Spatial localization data
····················
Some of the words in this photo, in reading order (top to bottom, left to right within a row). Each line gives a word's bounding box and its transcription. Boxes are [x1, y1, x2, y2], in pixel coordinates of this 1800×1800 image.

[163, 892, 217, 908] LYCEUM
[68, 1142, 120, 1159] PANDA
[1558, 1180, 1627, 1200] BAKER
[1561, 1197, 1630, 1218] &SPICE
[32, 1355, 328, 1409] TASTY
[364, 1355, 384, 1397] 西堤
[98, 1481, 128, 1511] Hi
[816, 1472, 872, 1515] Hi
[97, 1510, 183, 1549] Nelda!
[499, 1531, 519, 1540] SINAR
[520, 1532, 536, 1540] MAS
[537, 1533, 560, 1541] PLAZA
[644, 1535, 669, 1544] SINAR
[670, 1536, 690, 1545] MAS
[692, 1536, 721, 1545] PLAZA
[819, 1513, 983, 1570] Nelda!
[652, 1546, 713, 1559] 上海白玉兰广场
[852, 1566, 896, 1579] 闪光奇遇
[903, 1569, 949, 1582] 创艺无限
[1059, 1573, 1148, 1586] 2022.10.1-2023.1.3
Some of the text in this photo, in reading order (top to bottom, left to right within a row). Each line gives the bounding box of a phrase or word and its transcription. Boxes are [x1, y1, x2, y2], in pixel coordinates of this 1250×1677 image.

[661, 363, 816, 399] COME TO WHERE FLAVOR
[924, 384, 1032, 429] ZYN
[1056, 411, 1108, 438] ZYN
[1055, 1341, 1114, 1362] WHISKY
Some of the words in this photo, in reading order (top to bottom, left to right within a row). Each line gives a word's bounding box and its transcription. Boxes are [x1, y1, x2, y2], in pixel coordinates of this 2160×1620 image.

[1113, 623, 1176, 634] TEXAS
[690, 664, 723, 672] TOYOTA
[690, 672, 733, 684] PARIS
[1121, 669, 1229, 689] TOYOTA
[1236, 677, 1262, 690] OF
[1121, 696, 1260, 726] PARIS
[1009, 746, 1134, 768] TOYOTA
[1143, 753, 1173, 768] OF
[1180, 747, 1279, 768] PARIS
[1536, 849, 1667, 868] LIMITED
····················
■ WHAT IS REQUIRED
Restate the records from above exactly as they read.

■ EXERCISE RESULT
Some of the words in this photo, in reading order (top to bottom, left to right within a row). Each line gives a word's bounding box and its transcription. Boxes are [x1, y1, x2, y2], in pixel coordinates of this 1800×1800 image.

[163, 892, 217, 908] LYCEUM
[68, 1142, 120, 1159] PANDA
[1558, 1180, 1627, 1200] BAKER
[1561, 1197, 1630, 1218] &SPICE
[32, 1355, 328, 1409] TASTY
[364, 1355, 384, 1397] 西堤
[98, 1481, 128, 1511] Hi
[816, 1472, 872, 1515] Hi
[97, 1510, 183, 1549] Nelda!
[499, 1531, 519, 1540] SINAR
[520, 1532, 536, 1540] MAS
[537, 1533, 560, 1541] PLAZA
[644, 1535, 669, 1544] SINAR
[670, 1536, 690, 1545] MAS
[692, 1536, 721, 1545] PLAZA
[819, 1513, 983, 1570] Nelda!
[652, 1546, 713, 1559] 上海白玉兰广场
[852, 1566, 896, 1579] 闪光奇遇
[903, 1569, 949, 1582] 创艺无限
[1059, 1573, 1148, 1586] 2022.10.1-2023.1.3
Some of the text in this photo, in reading order (top to bottom, left to right within a row). Each line gives the bounding box of a phrase or word and its transcription. Boxes are [x1, y1, x2, y2], in pixel coordinates of this 1250×1677 image.

[661, 363, 816, 399] COME TO WHERE FLAVOR
[924, 384, 1032, 429] ZYN
[1056, 411, 1108, 438] ZYN
[1055, 1341, 1114, 1362] WHISKY
Some of the words in this photo, in reading order (top to bottom, left to right within a row). Each line gives a word's bounding box and its transcription. Boxes are [x1, y1, x2, y2], in pixel coordinates of this 2160×1620 image.

[1113, 623, 1176, 634] TEXAS
[690, 664, 723, 672] TOYOTA
[690, 672, 733, 684] PARIS
[1121, 669, 1229, 689] TOYOTA
[1236, 677, 1262, 690] OF
[1121, 696, 1260, 726] PARIS
[1009, 746, 1134, 768] TOYOTA
[1143, 753, 1173, 768] OF
[1180, 747, 1279, 768] PARIS
[1536, 849, 1667, 868] LIMITED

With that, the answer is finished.